Set the images aside and retype the whole listing exactly.
---+---
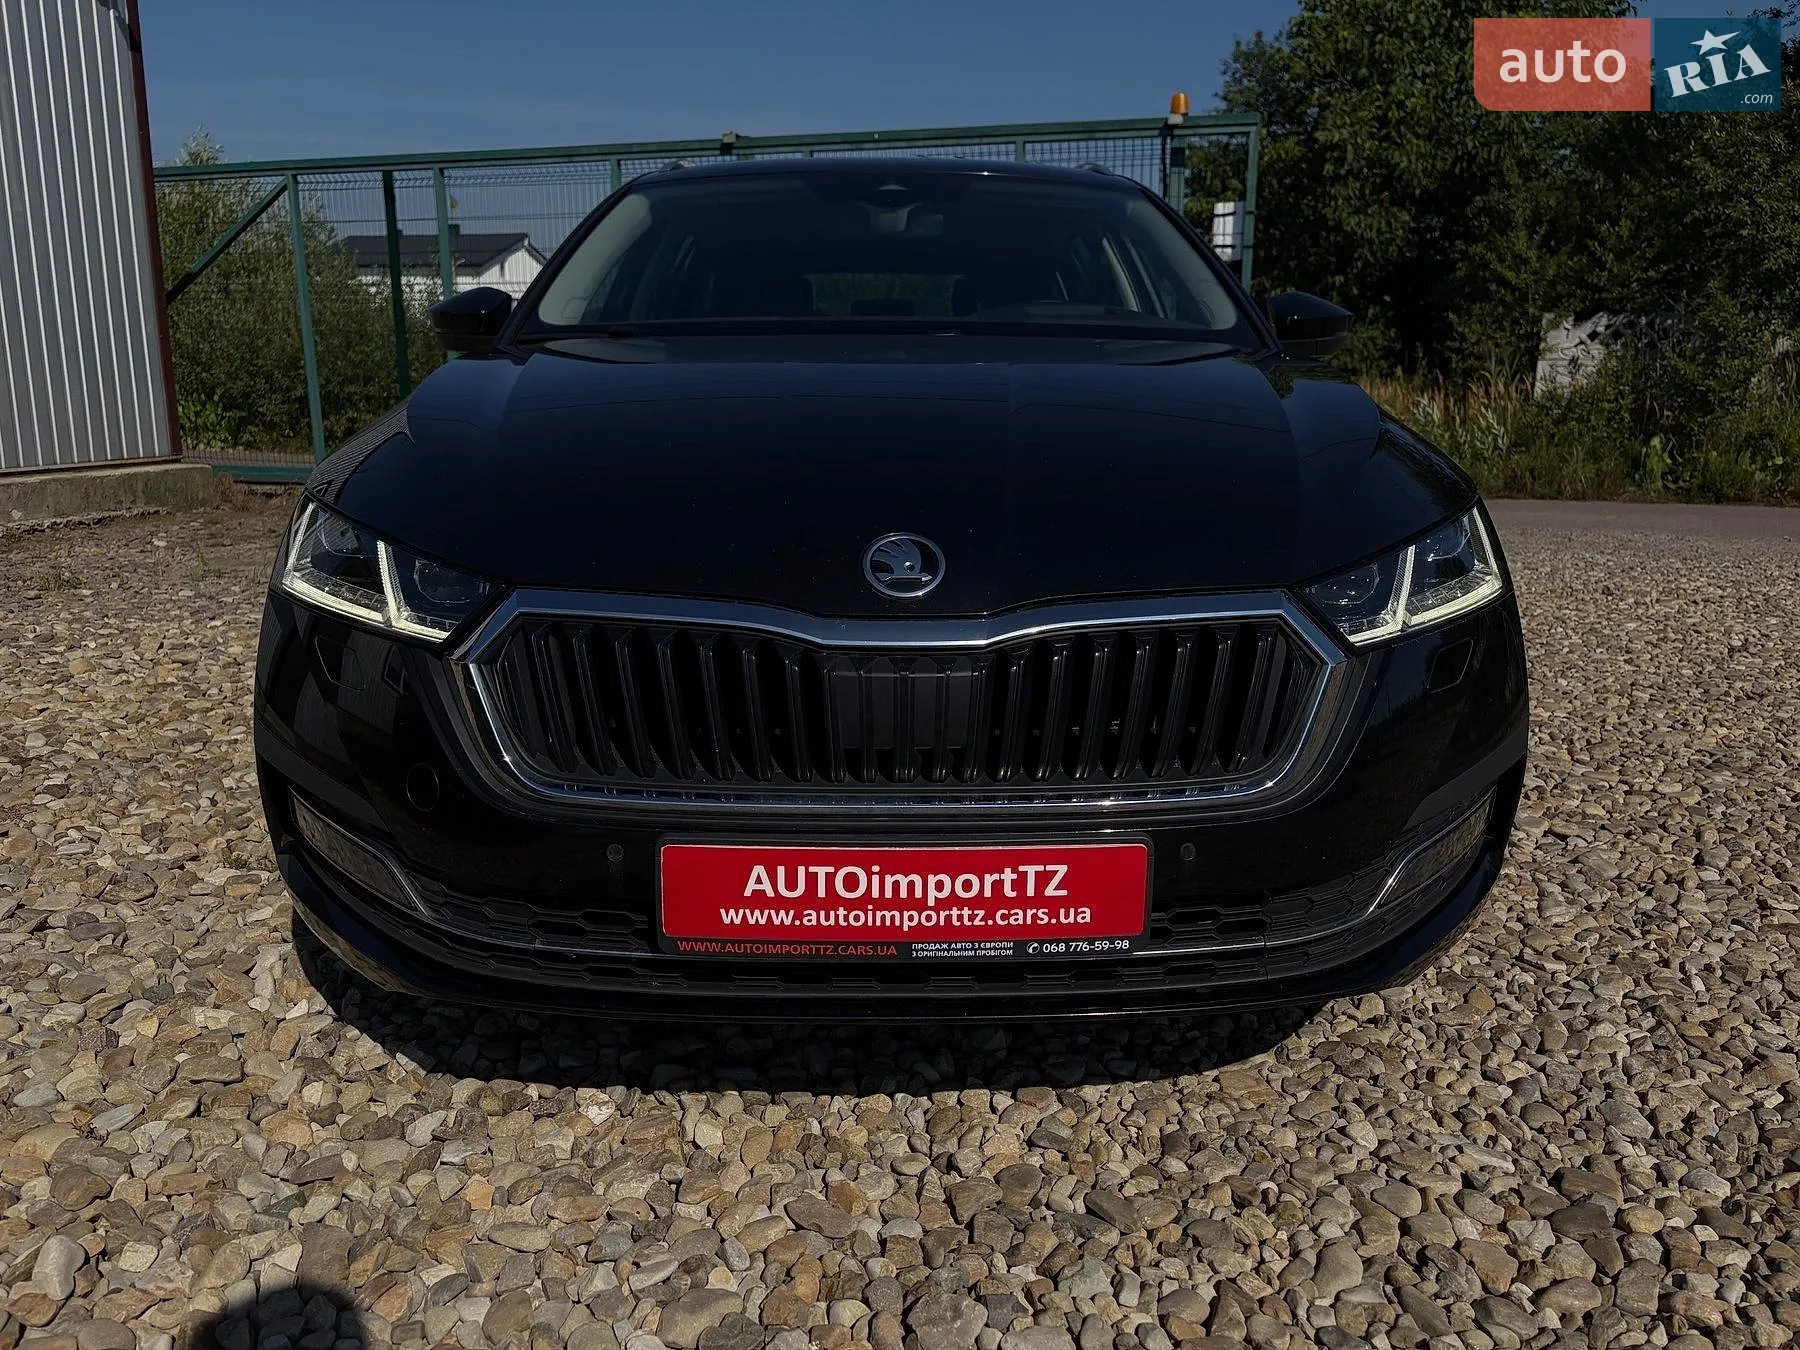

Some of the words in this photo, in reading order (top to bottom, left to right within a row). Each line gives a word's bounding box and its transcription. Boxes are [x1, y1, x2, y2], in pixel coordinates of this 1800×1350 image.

[743, 864, 1069, 906] AUTOimportTZ
[719, 904, 1091, 931] www.autoimporttz.cars.ua
[677, 940, 898, 956] WWW.AUTOIMPORTTZ.CARS.UA
[911, 943, 949, 951] ПРОДАЖ
[980, 941, 1014, 949] ЄВРОПИ
[1042, 943, 1066, 953] 068
[1069, 940, 1130, 952] 776-59-98
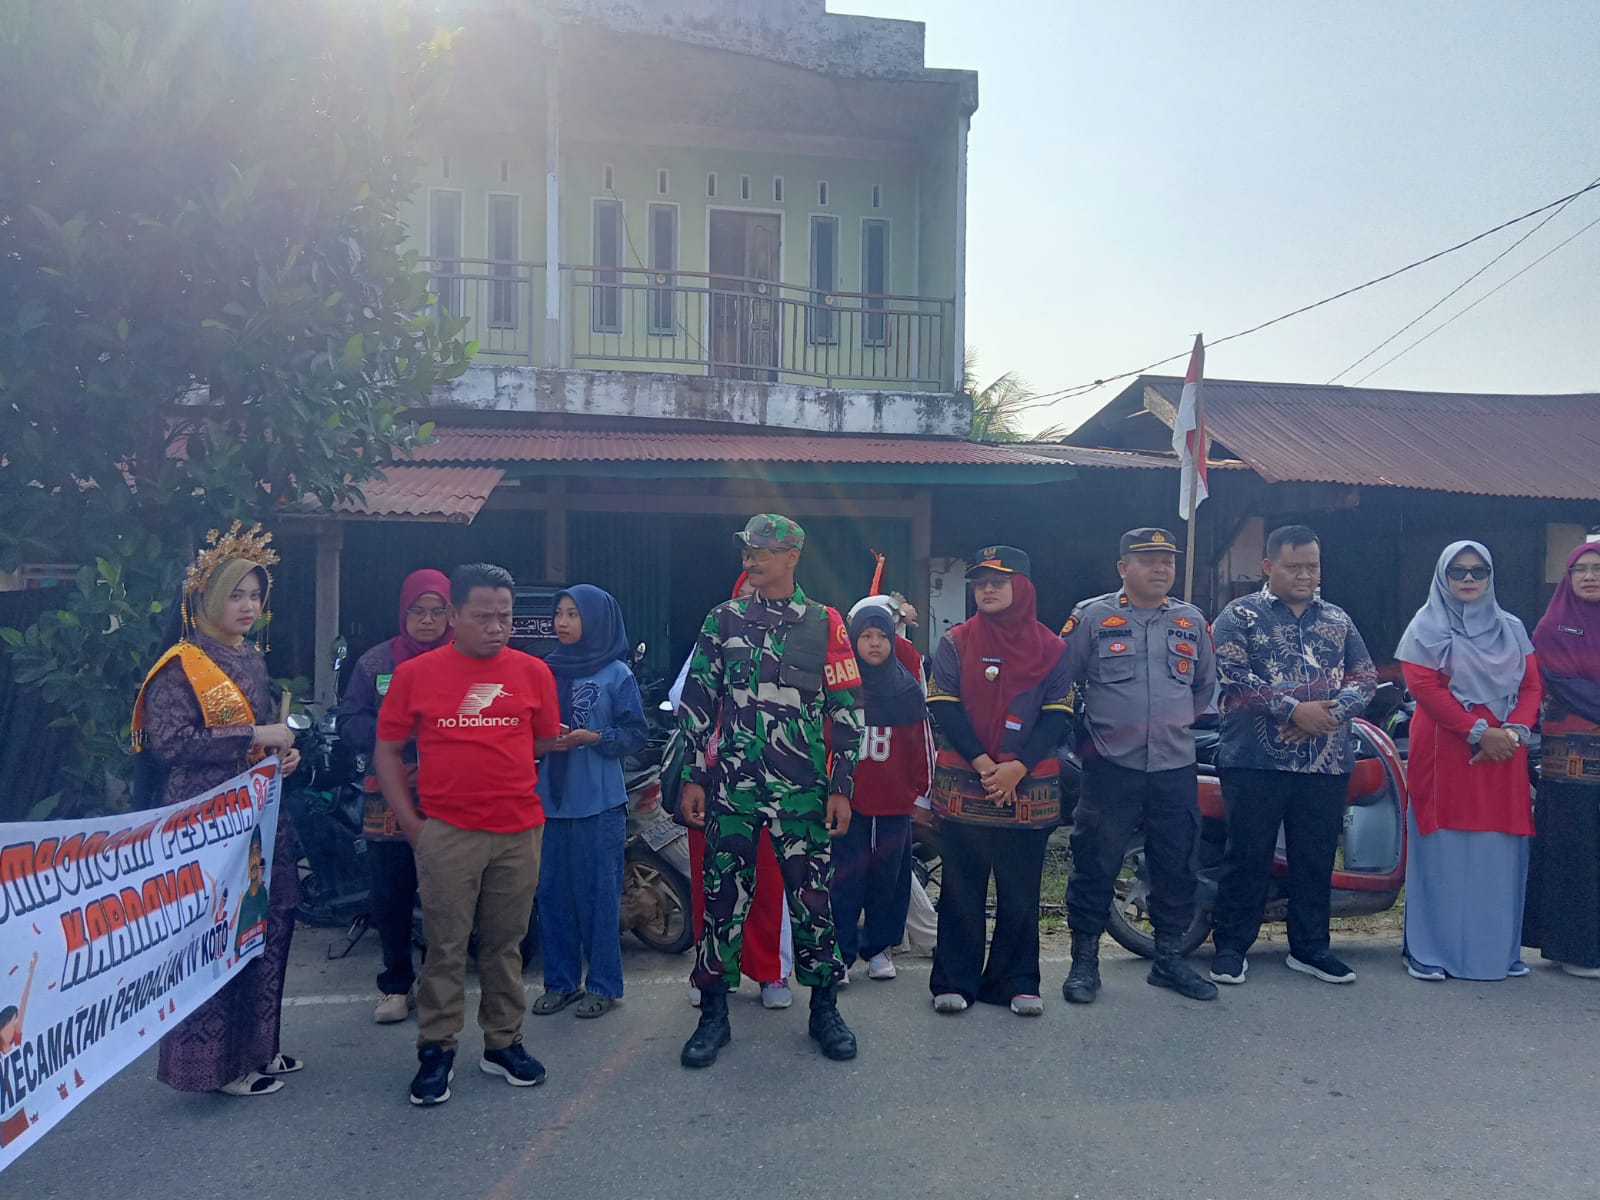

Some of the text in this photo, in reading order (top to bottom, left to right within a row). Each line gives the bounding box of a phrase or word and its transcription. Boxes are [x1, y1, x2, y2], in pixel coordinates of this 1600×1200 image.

[1168, 629, 1197, 641] POLRI
[437, 714, 520, 728] no balance
[0, 785, 255, 925] MBONGAN PESERTA
[60, 860, 210, 992] KARNAVAL
[0, 995, 113, 1115] KECAMATAN
[111, 947, 187, 1031] PENDALIAN
[201, 919, 229, 968] KOTO
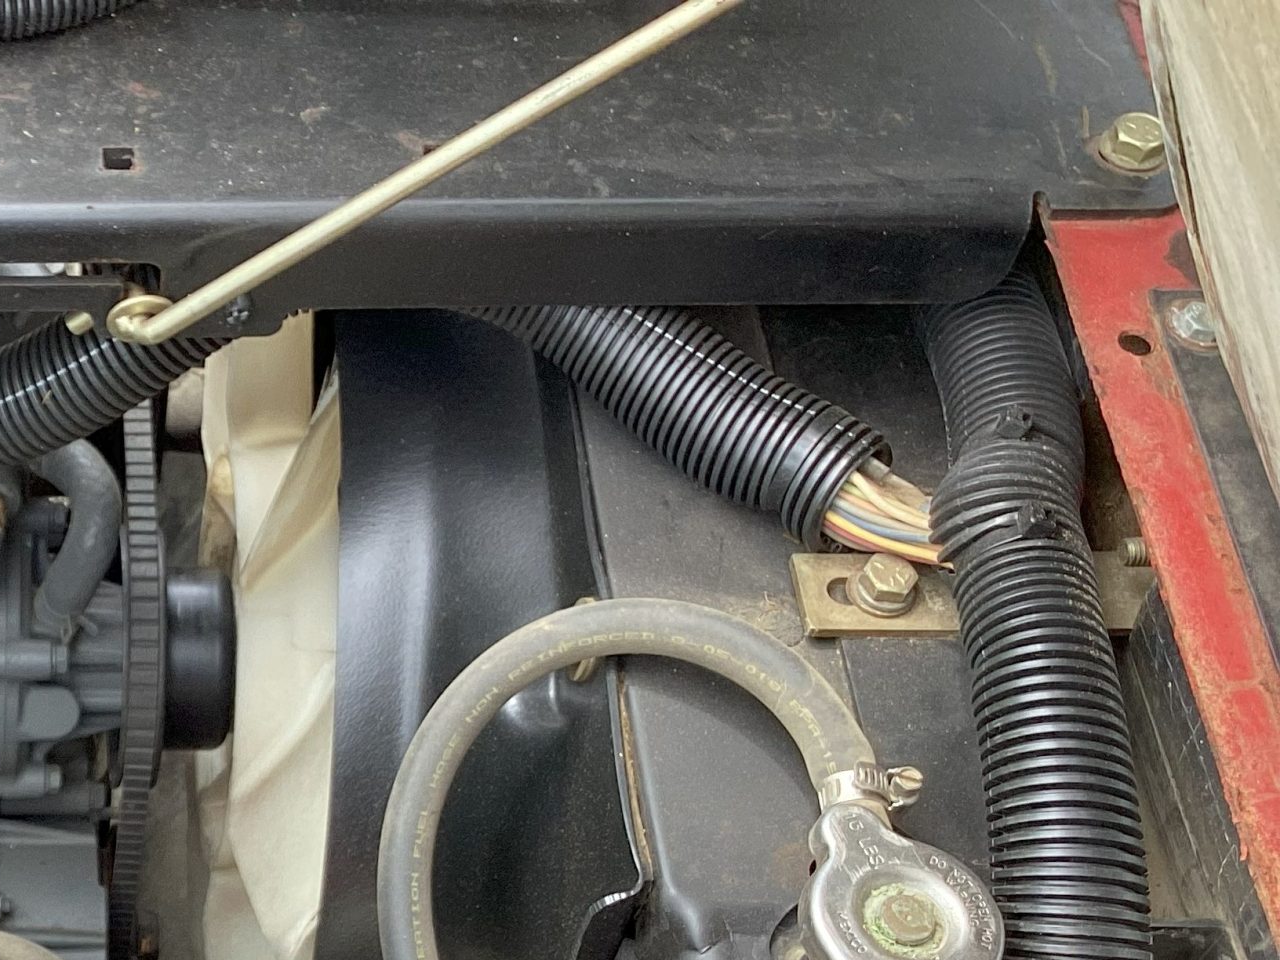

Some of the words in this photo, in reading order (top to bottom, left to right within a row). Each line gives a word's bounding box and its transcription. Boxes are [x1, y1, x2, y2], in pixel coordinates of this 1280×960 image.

[413, 810, 429, 858] FUEL
[429, 734, 458, 788] HOSE
[465, 686, 500, 723] NON
[508, 631, 655, 681] REINFORCED
[929, 855, 946, 869] DO
[951, 868, 974, 887] NOT
[971, 894, 991, 921] OPEN
[981, 927, 993, 950] HOT
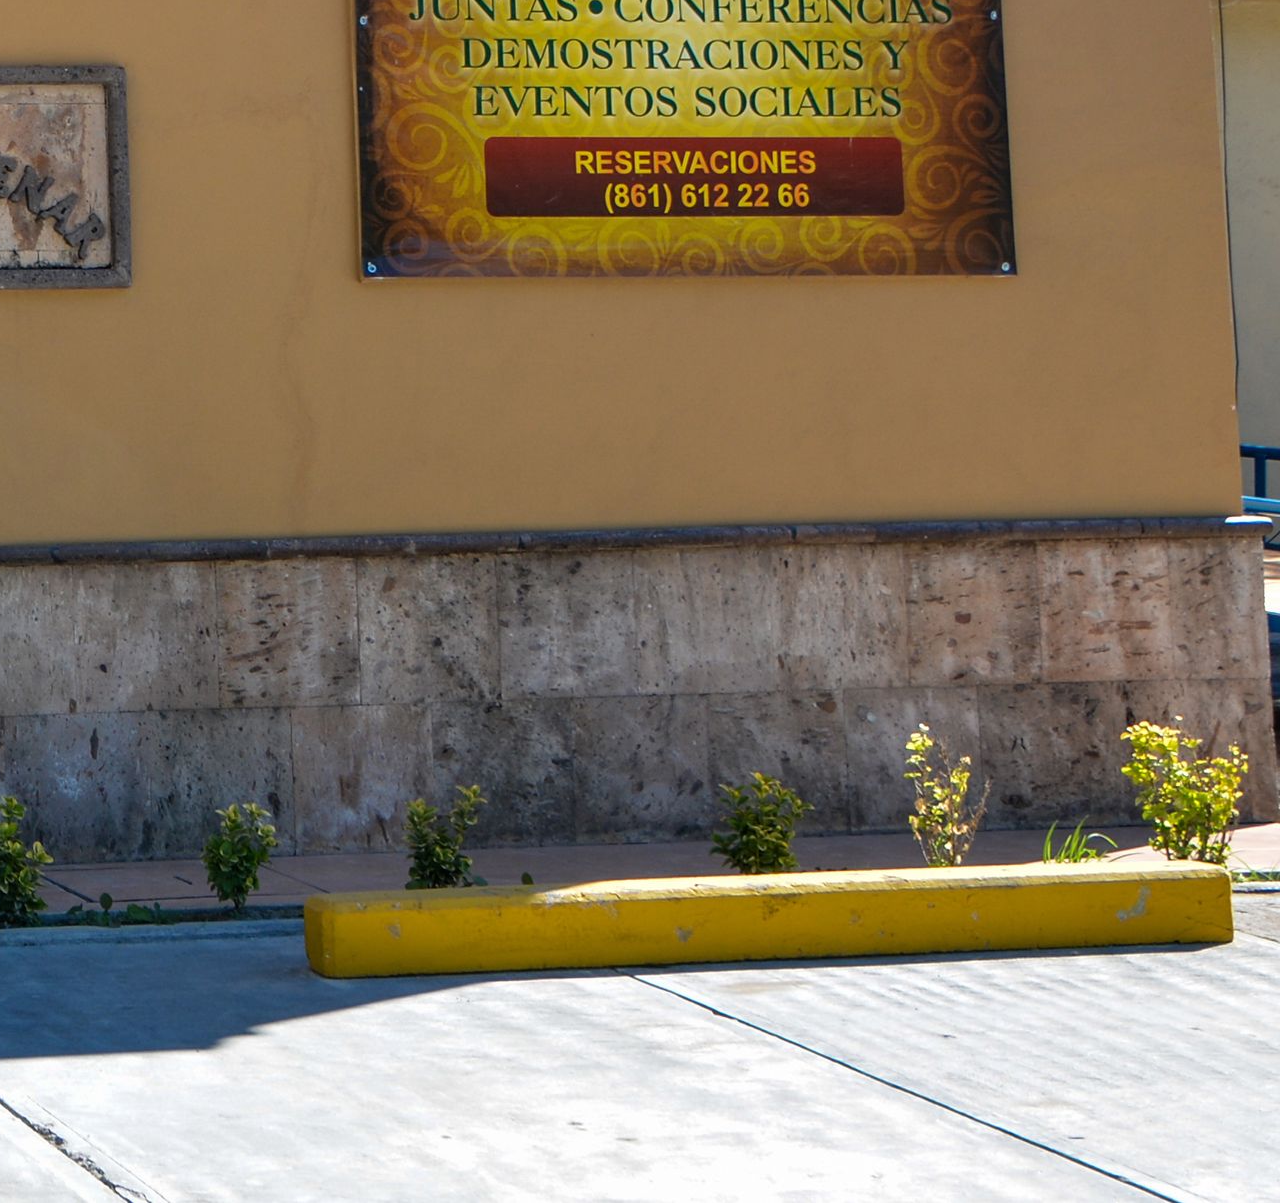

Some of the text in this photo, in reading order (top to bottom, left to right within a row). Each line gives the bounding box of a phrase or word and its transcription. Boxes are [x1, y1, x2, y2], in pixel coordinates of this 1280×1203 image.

[461, 37, 909, 71] DEMOSTRACIONES Y
[473, 85, 902, 118] EVENTOS SOCIALES
[575, 149, 816, 175] RESERVACIONES
[604, 182, 810, 214] (861) 612 22 66
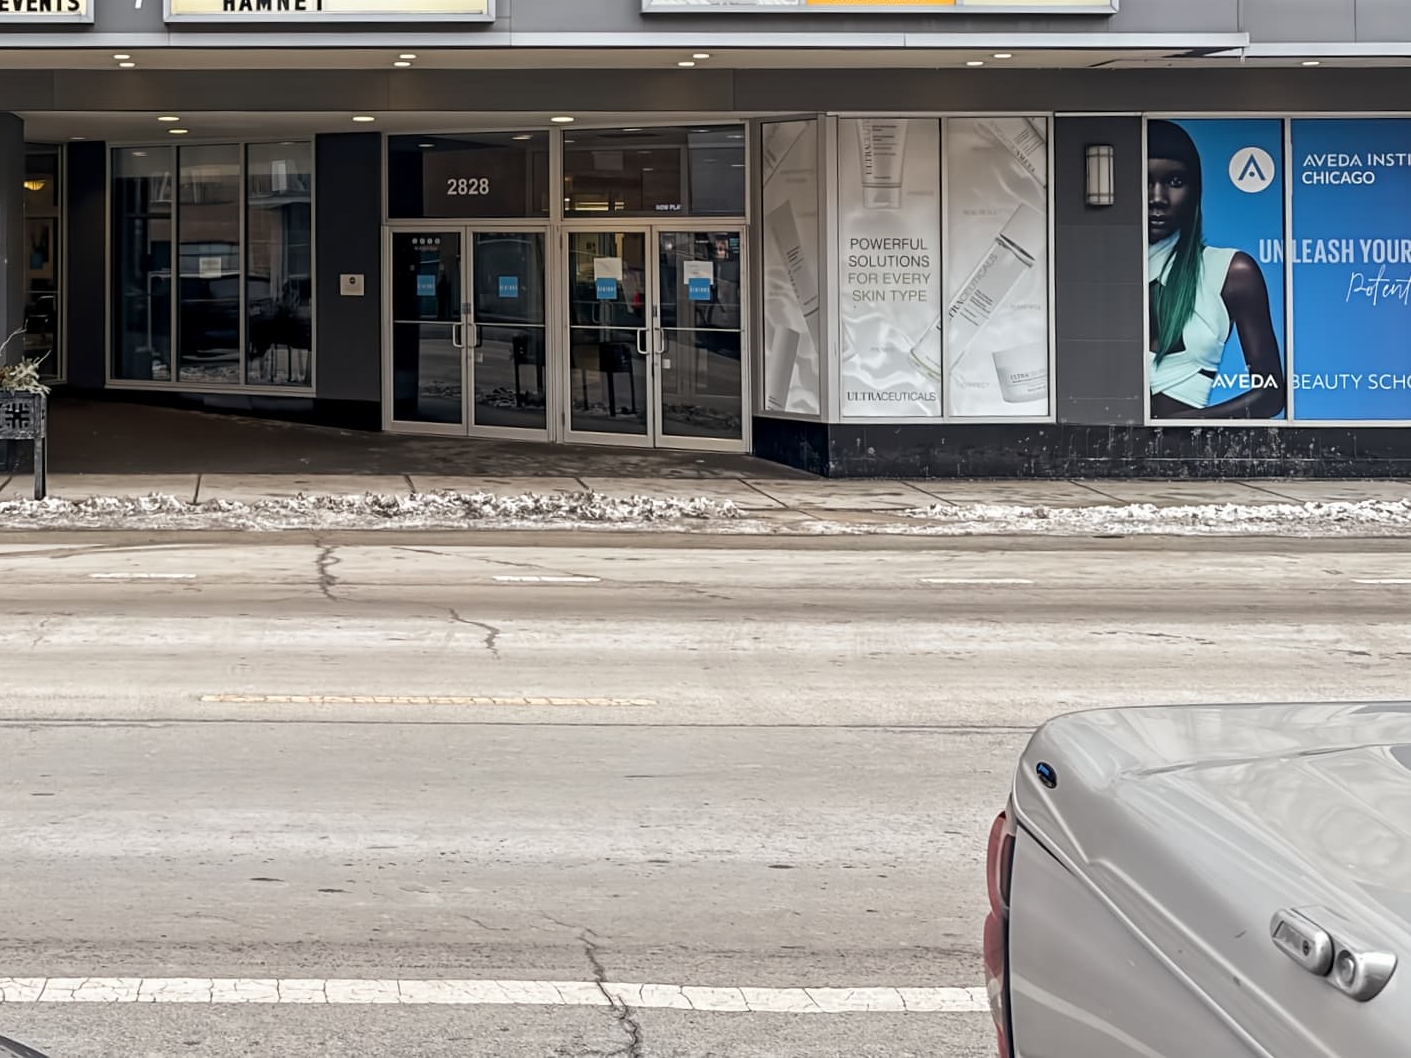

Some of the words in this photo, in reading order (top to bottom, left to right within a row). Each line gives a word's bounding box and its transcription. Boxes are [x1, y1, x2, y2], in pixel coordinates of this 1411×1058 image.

[1303, 153, 1363, 167] AVEDA
[1301, 170, 1376, 185] CHICAGO
[447, 178, 490, 195] 2828
[850, 238, 928, 251] POWERFUL
[1259, 239, 1353, 263] UNLEASH
[1359, 239, 1411, 263] YOUR
[848, 255, 930, 268] SOLUTIONS
[848, 272, 879, 285] FOR
[882, 272, 931, 285] EVERY
[852, 290, 886, 302] SKIN
[890, 290, 927, 302] TYPE
[1212, 374, 1279, 389] AVEDA
[1293, 374, 1363, 389] BEAUTY
[846, 392, 937, 402] ULTRACEUTICALS
---+---
=== Exercise result ===
Some of the words in this photo, in reading order (top to bottom, left to right within a row). Each line gives a word's bounding box and its transcription. Boxes are [x1, y1, x2, y2], in pixel coordinates of this 1800×1350 image.

[743, 864, 1069, 906] AUTOimportTZ
[719, 904, 1091, 931] www.autoimporttz.cars.ua
[677, 940, 898, 956] WWW.AUTOIMPORTTZ.CARS.UA
[911, 943, 949, 951] ПРОДАЖ
[980, 941, 1014, 949] ЄВРОПИ
[1042, 943, 1066, 953] 068
[1069, 940, 1130, 952] 776-59-98

Some of the text in this photo, in reading order (top to bottom, left to right within a row). Each line gives the bounding box of a phrase or word and its transcription. Boxes are [x1, y1, x2, y2], in pixel coordinates of this 1600×1200 image.

[1168, 629, 1197, 641] POLRI
[437, 714, 520, 728] no balance
[0, 785, 255, 925] MBONGAN PESERTA
[60, 860, 210, 992] KARNAVAL
[0, 995, 113, 1115] KECAMATAN
[111, 947, 187, 1031] PENDALIAN
[201, 919, 229, 968] KOTO

Some of the words in this photo, in reading order (top to bottom, left to right within a row). Each line gives a word's bounding box and its transcription. Boxes are [x1, y1, x2, y2], in pixel coordinates of this 1280×960 image.

[413, 810, 429, 858] FUEL
[429, 734, 458, 788] HOSE
[465, 686, 500, 723] NON
[508, 631, 655, 681] REINFORCED
[929, 855, 946, 869] DO
[951, 868, 974, 887] NOT
[971, 894, 991, 921] OPEN
[981, 927, 993, 950] HOT

Some of the text in this photo, in reading order (top to bottom, left to right within a row). Each line gives the bounding box of a phrase or word and its transcription. Boxes are [x1, y1, x2, y2], in pixel coordinates of this 1280×1203 image.

[461, 37, 909, 71] DEMOSTRACIONES Y
[473, 85, 902, 118] EVENTOS SOCIALES
[575, 149, 816, 175] RESERVACIONES
[604, 182, 810, 214] (861) 612 22 66

Some of the words in this photo, in reading order (top to bottom, left to right within a row). Each line gives a word's bounding box and its transcription. Boxes are [x1, y1, x2, y2], in pixel coordinates of this 1411×1058 image.

[1303, 153, 1363, 167] AVEDA
[1301, 170, 1376, 185] CHICAGO
[447, 178, 490, 195] 2828
[850, 238, 928, 251] POWERFUL
[1259, 239, 1353, 263] UNLEASH
[1359, 239, 1411, 263] YOUR
[848, 255, 930, 268] SOLUTIONS
[848, 272, 879, 285] FOR
[882, 272, 931, 285] EVERY
[852, 290, 886, 302] SKIN
[890, 290, 927, 302] TYPE
[1212, 374, 1279, 389] AVEDA
[1293, 374, 1363, 389] BEAUTY
[846, 392, 937, 402] ULTRACEUTICALS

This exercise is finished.